Half a million farmers to get wheat seeds, fertilisers

United Nations Food and Agriculture Organisation to begin distribution in Sindh and then in Balochistan.

ISLAMABAD:
The United Nations Food and Agriculture Organisation (FAO) will distribute wheat-seeds, diammonium phosphate (DAP) and others fertilisers among half a million farmers from the flood-affected areas to ensure sowing for Rabi season, its spokesman Ali Khan said on the eve of World Food Day.

He said that the famers have lost almost 600,000 tons of seeds due to the floods. Of the 22 million affected, 80 per cent are farmers who require immediate rehabilitation so that they can start farming as the Rabi season starts from September to November, he added.

FAO has already started the distribution of seeds, fertilisers and DAP in Punjab and Khyber-Pakhtunkhwa. In Sindh the distribution will start from Monday, followed by Balochistan.

The spokesman said that there could be a food shortage in the coming two years if the farmers were not supported in the Rabi season.

Meanwhile, on the occasion of the World Food Day, the FAO director general Jacques Diouf issued a message highlighting that as many 925 million people in the world are hungry.

The director general added that the theme of this year’s observance, “United Against Hunger”, seeks to recognise the efforts made in the fight against world hunger by all actors at all levels. He called for global unity to find resolute and concrete actions against hunger by producing more food in the countries where the hungry live.


“In 2009, the critical threshold of one billion hungry people in the world was reached, mostly due to soaring food prices and the global economic crisis. The gravity of the silent hunger crisis is the result of decades of neglect of agriculture and under-investment in the sector,” he said.
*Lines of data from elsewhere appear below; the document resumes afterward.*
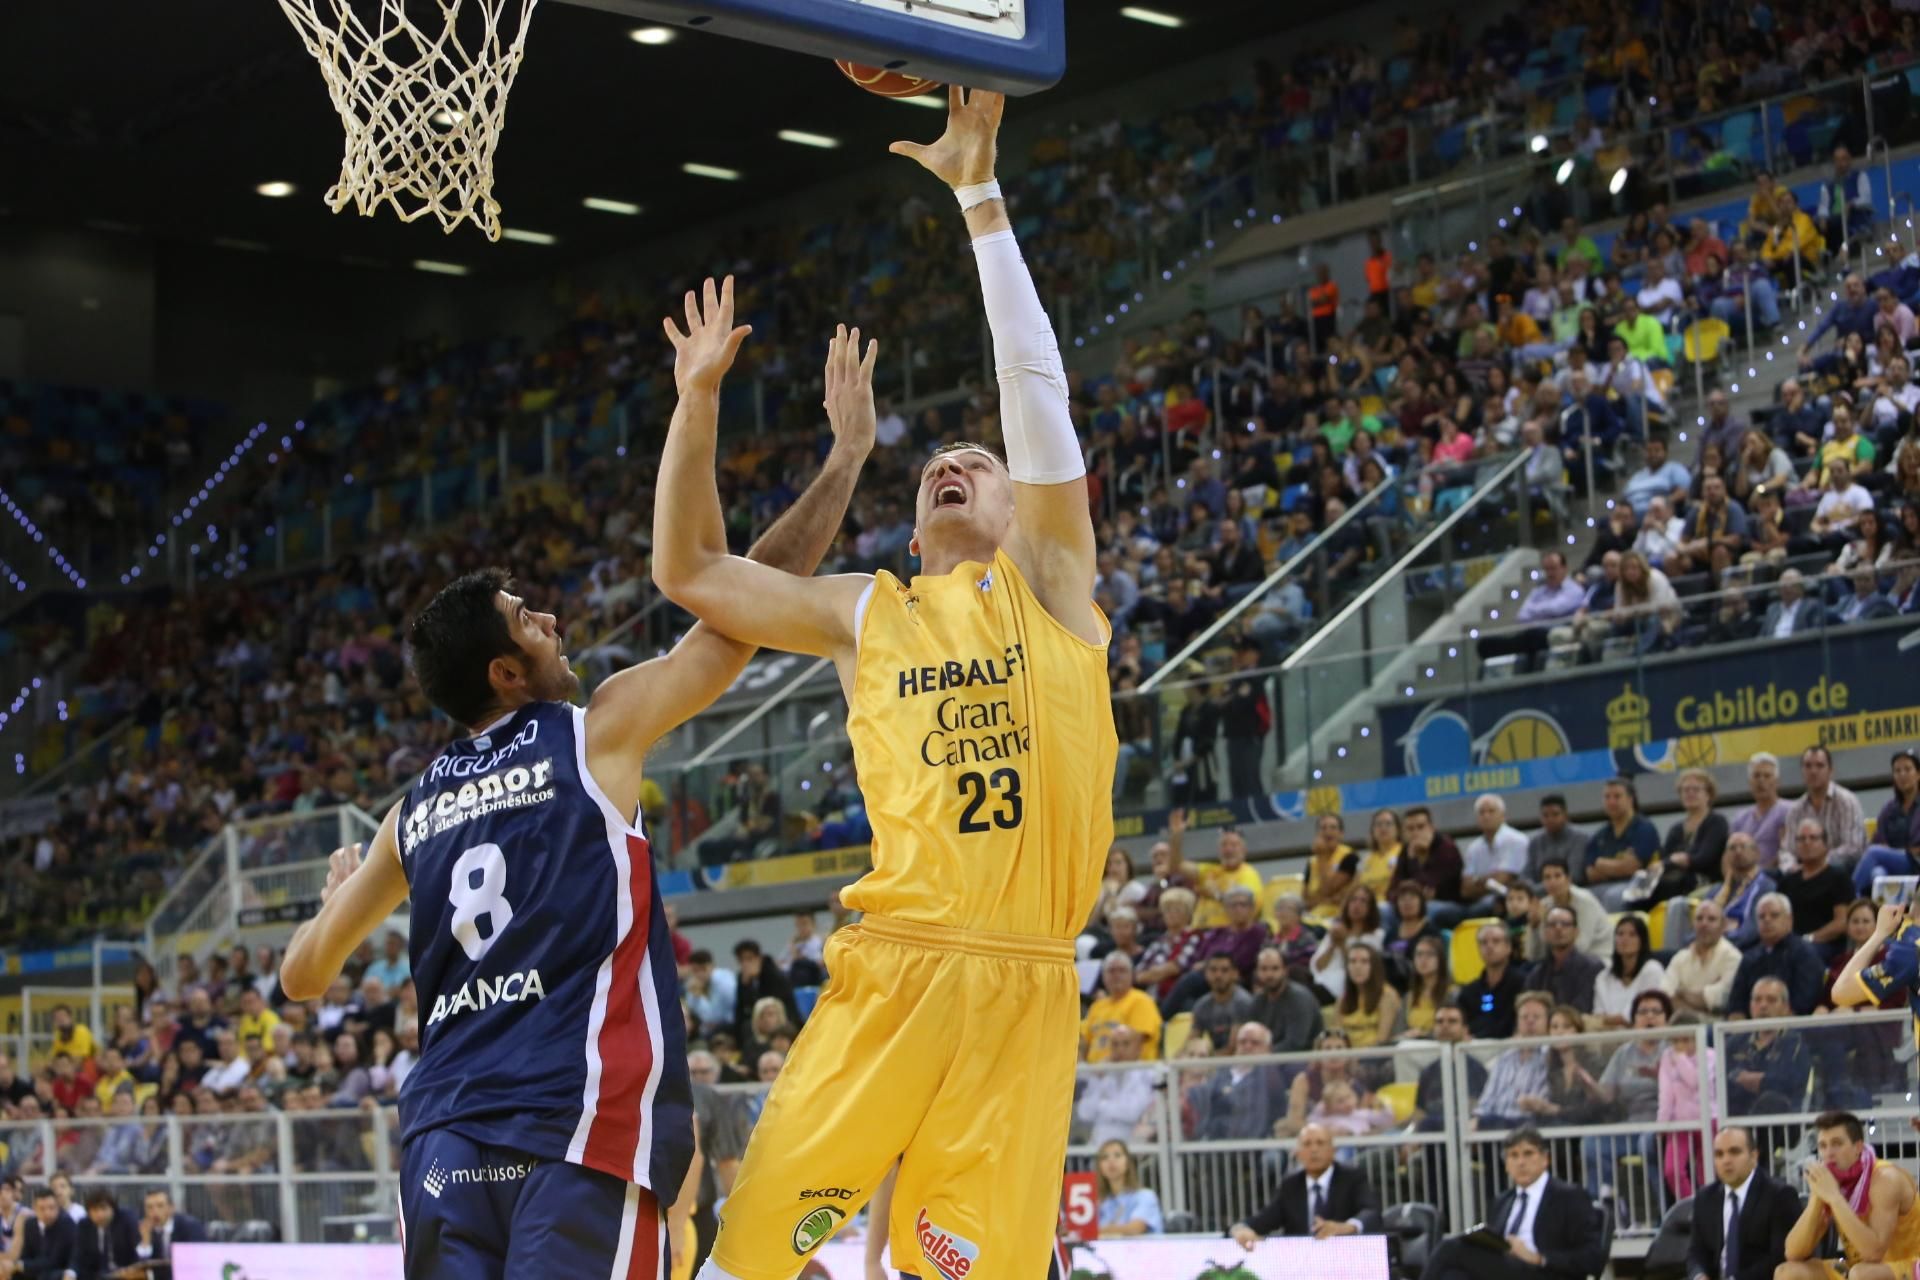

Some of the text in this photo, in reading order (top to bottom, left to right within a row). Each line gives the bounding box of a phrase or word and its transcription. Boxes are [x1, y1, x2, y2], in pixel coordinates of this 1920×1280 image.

[937, 696, 1011, 732] Gran
[1675, 675, 1848, 731] Cabildo de
[1818, 713, 1920, 746] GRAN CANARI
[434, 788, 554, 835] electrodomésticos
[435, 759, 551, 817] cenor
[957, 767, 1023, 834] 23
[448, 842, 514, 962] 8
[426, 969, 546, 1026] AVANCA
[1069, 1183, 1095, 1226] 5
Therefore, on the eve of the “Hunger Summit” held in Rome, in November 2009, FAO launched a petition to reflect the moral outrage of the situation. The “1 billion hungry” project reaches out to people to sign the anti-hunger petition and to work together to amplify the message that society has to take special care that no one goes hungry. Over 1 million people have signed and the project is continuing.
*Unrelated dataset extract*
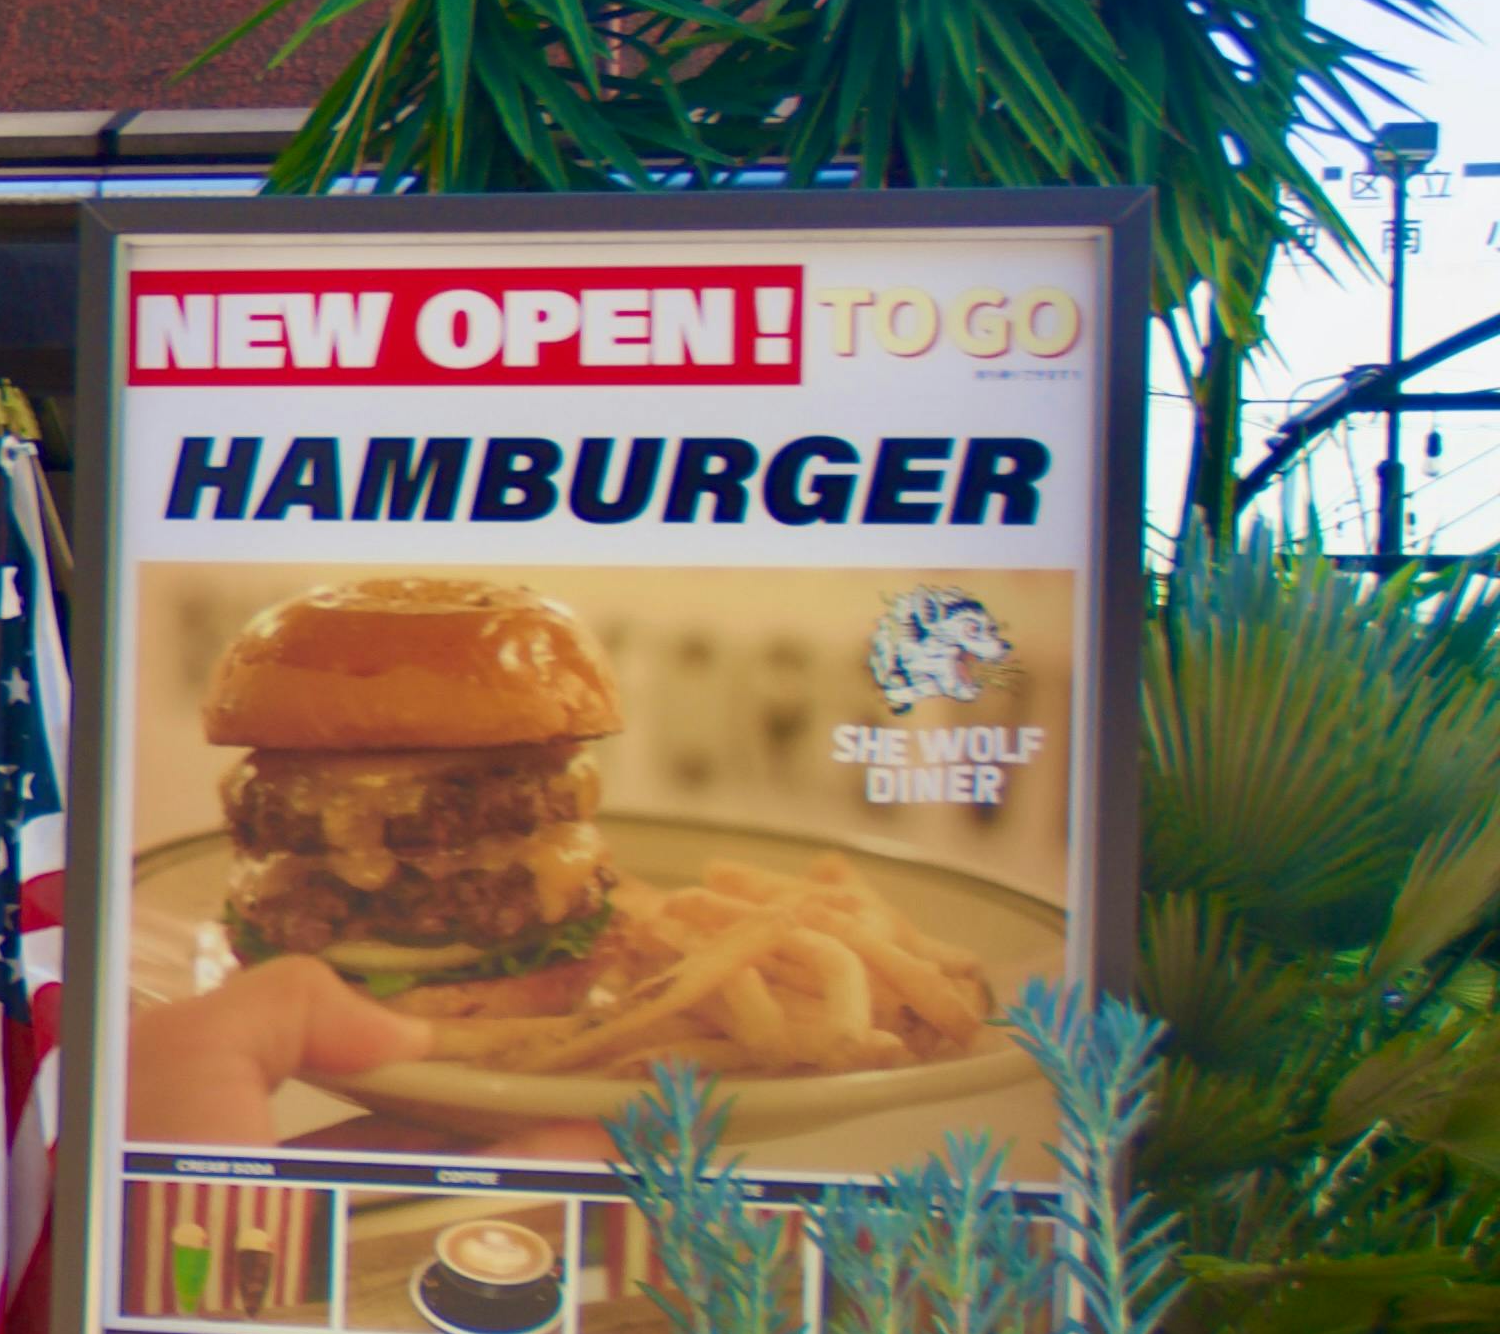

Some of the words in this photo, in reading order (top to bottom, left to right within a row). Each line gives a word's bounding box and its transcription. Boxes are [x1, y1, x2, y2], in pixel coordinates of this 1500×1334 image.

World food production will need to increase by 70 per cent to feed a population of over nine billion people, which is the projected population for 2050. With limited land, farmers will have to get greater yield out of the land already under cultivation. Small farmers and their families represent about 2.5 billion people, more than one-third of the global population. It is their crucial contribution to increased food production that is needed to be highlighted.

Collaboration among international organizations plays a strategic role in directing global efforts to reach the international hunger reduction goals.

“On this World Food Day 2010 let us reflect upon our future. Agriculture and food security are finally back on the international agenda. And, with political will, determination and persistence, more food can be sustainably produced and adequately distributed”, said the director general.

Published in The Express Tribune, October 17th, 2010.